= Entries provided =
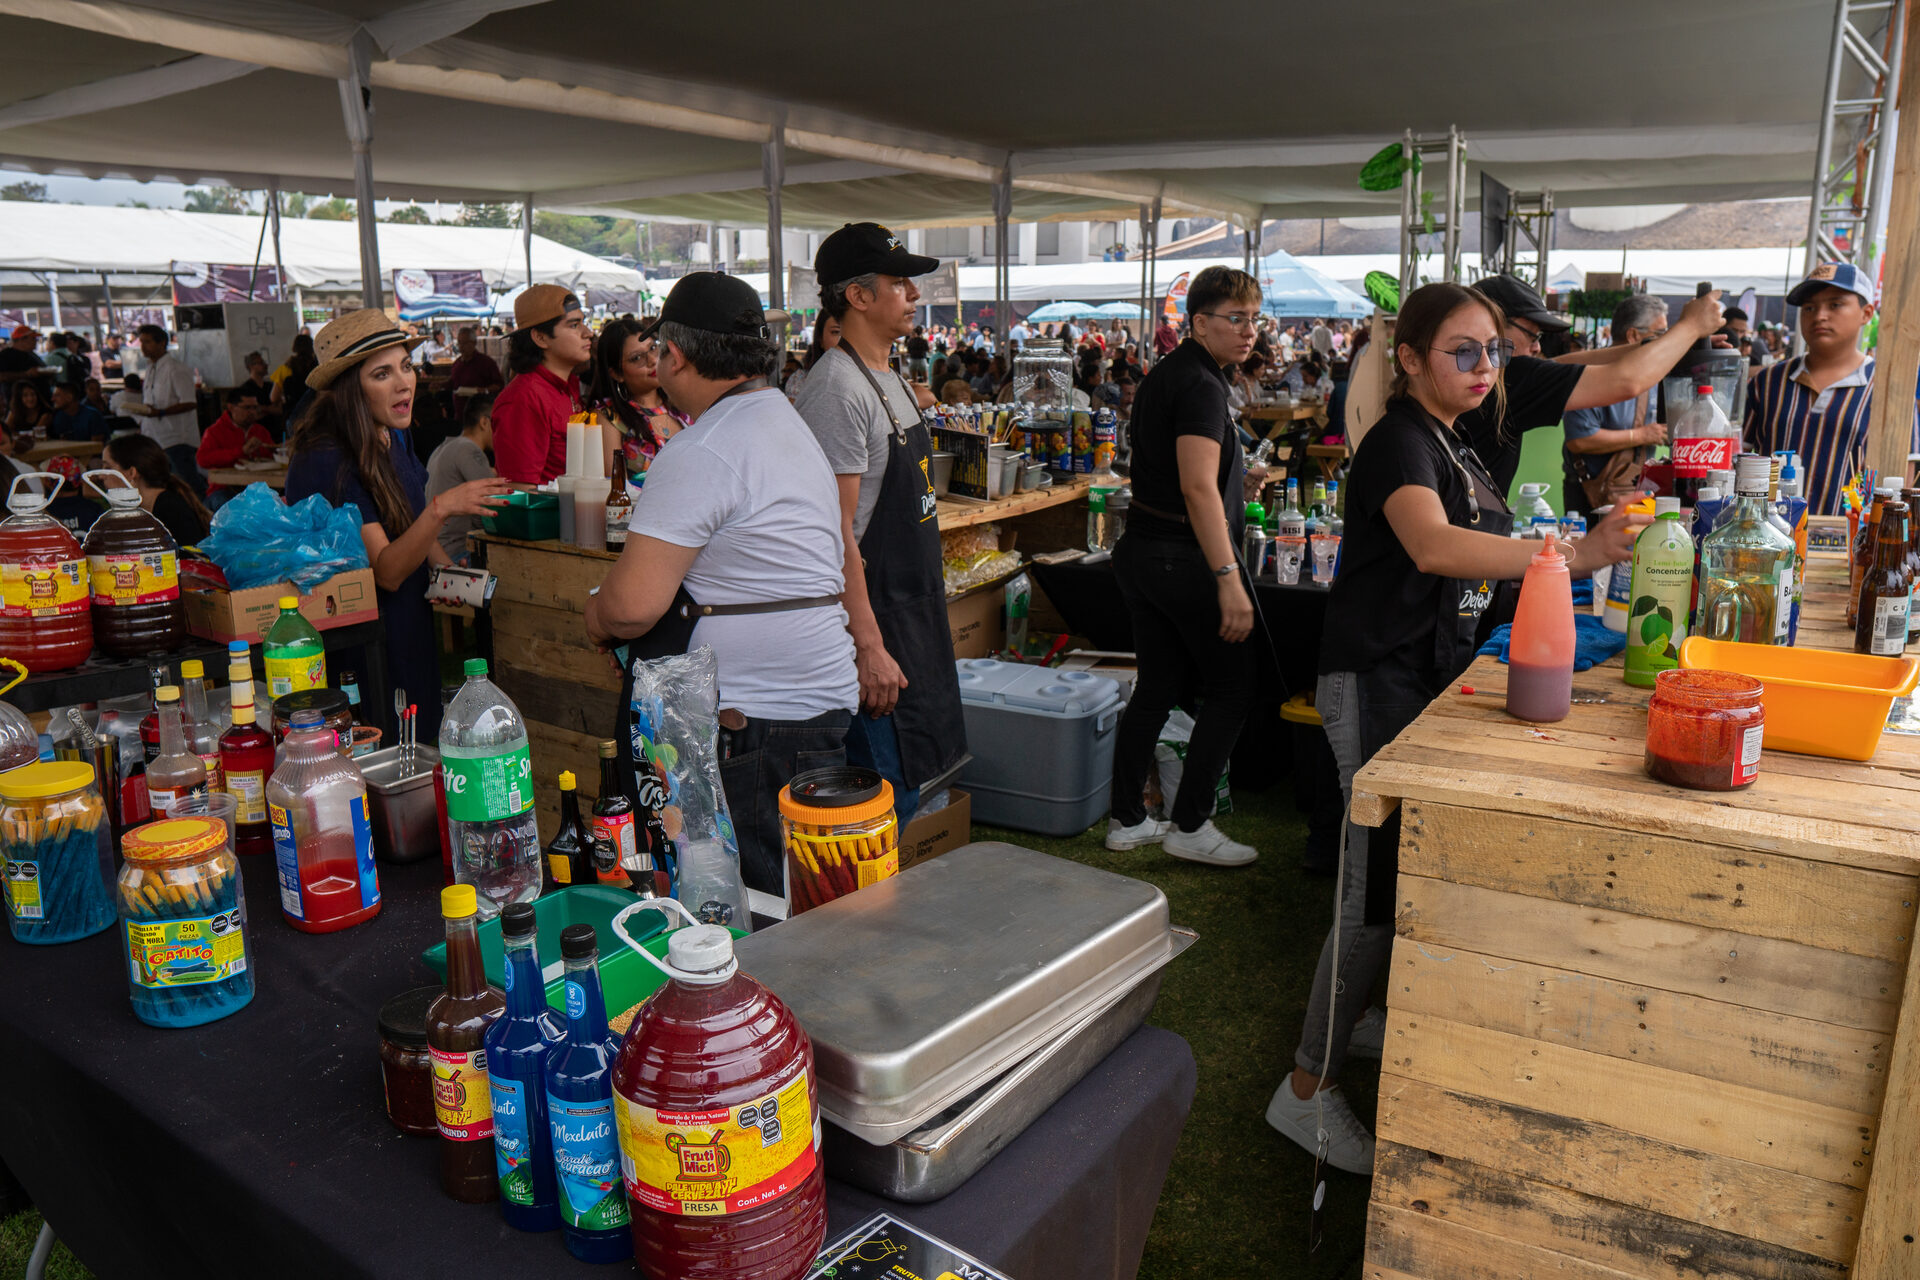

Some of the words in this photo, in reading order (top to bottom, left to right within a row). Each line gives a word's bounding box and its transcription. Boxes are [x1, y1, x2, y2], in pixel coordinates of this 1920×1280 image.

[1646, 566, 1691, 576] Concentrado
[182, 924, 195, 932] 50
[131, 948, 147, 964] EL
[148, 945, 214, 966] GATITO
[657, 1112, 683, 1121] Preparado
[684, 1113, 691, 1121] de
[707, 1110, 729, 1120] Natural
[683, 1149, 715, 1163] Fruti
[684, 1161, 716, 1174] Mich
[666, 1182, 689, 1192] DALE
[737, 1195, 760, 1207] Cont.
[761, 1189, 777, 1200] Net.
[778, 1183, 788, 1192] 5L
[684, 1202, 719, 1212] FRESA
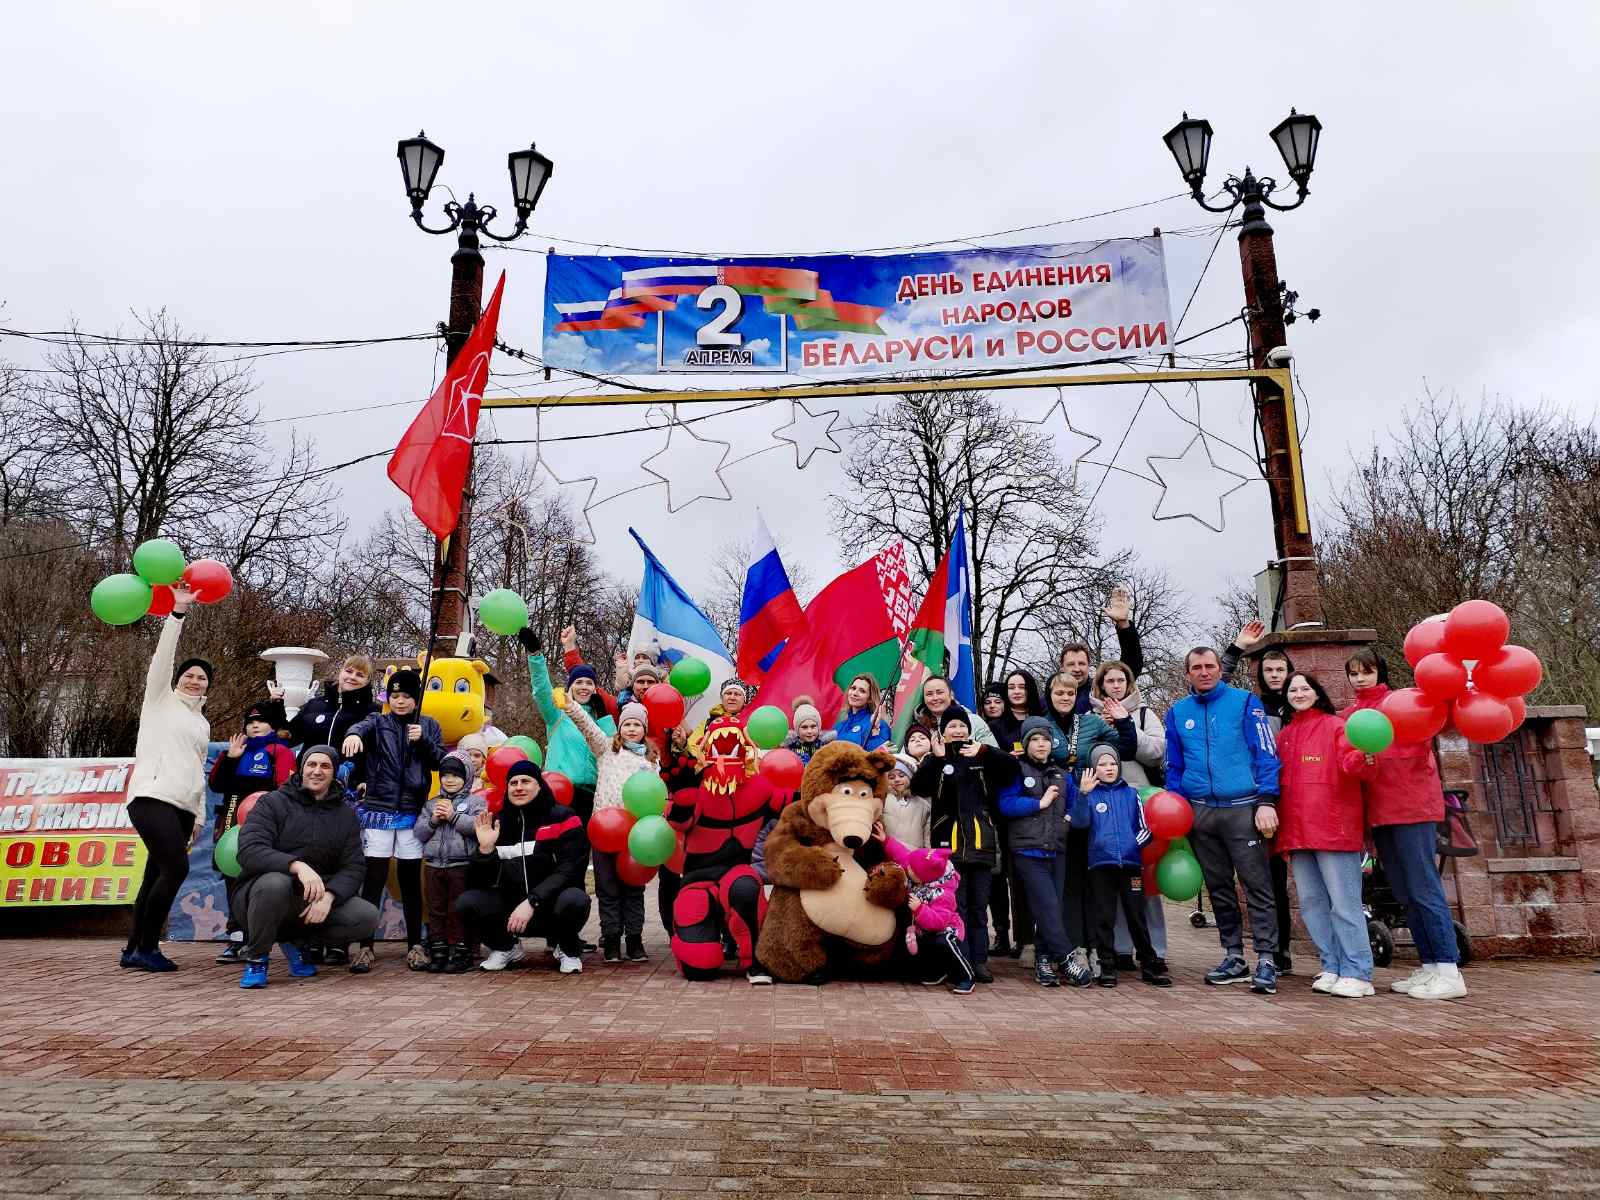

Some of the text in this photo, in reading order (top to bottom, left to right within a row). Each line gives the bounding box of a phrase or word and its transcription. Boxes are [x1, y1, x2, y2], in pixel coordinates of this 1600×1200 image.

= What you are asked to do =
Transcribe every entry word for word, but skip the pictures.

= The answer =
Some of the words in this photo, in reading order (top to bottom, left to right within a row). Each line gives a word's bounding box and its transcription. Boxes are [x1, y1, x2, y2], in pixel coordinates of this 1920×1280 image.

[1646, 566, 1691, 576] Concentrado
[182, 924, 195, 932] 50
[131, 948, 147, 964] EL
[148, 945, 214, 966] GATITO
[657, 1112, 683, 1121] Preparado
[684, 1113, 691, 1121] de
[707, 1110, 729, 1120] Natural
[683, 1149, 715, 1163] Fruti
[684, 1161, 716, 1174] Mich
[666, 1182, 689, 1192] DALE
[737, 1195, 760, 1207] Cont.
[761, 1189, 777, 1200] Net.
[778, 1183, 788, 1192] 5L
[684, 1202, 719, 1212] FRESA

Some of the text in this photo, in reading order (top to bottom, left to right within a row). Each line gives the bounding box of a phrase or word and its transcription. Boxes are [x1, y1, x2, y2], in pixel coordinates of this 1600×1200 image.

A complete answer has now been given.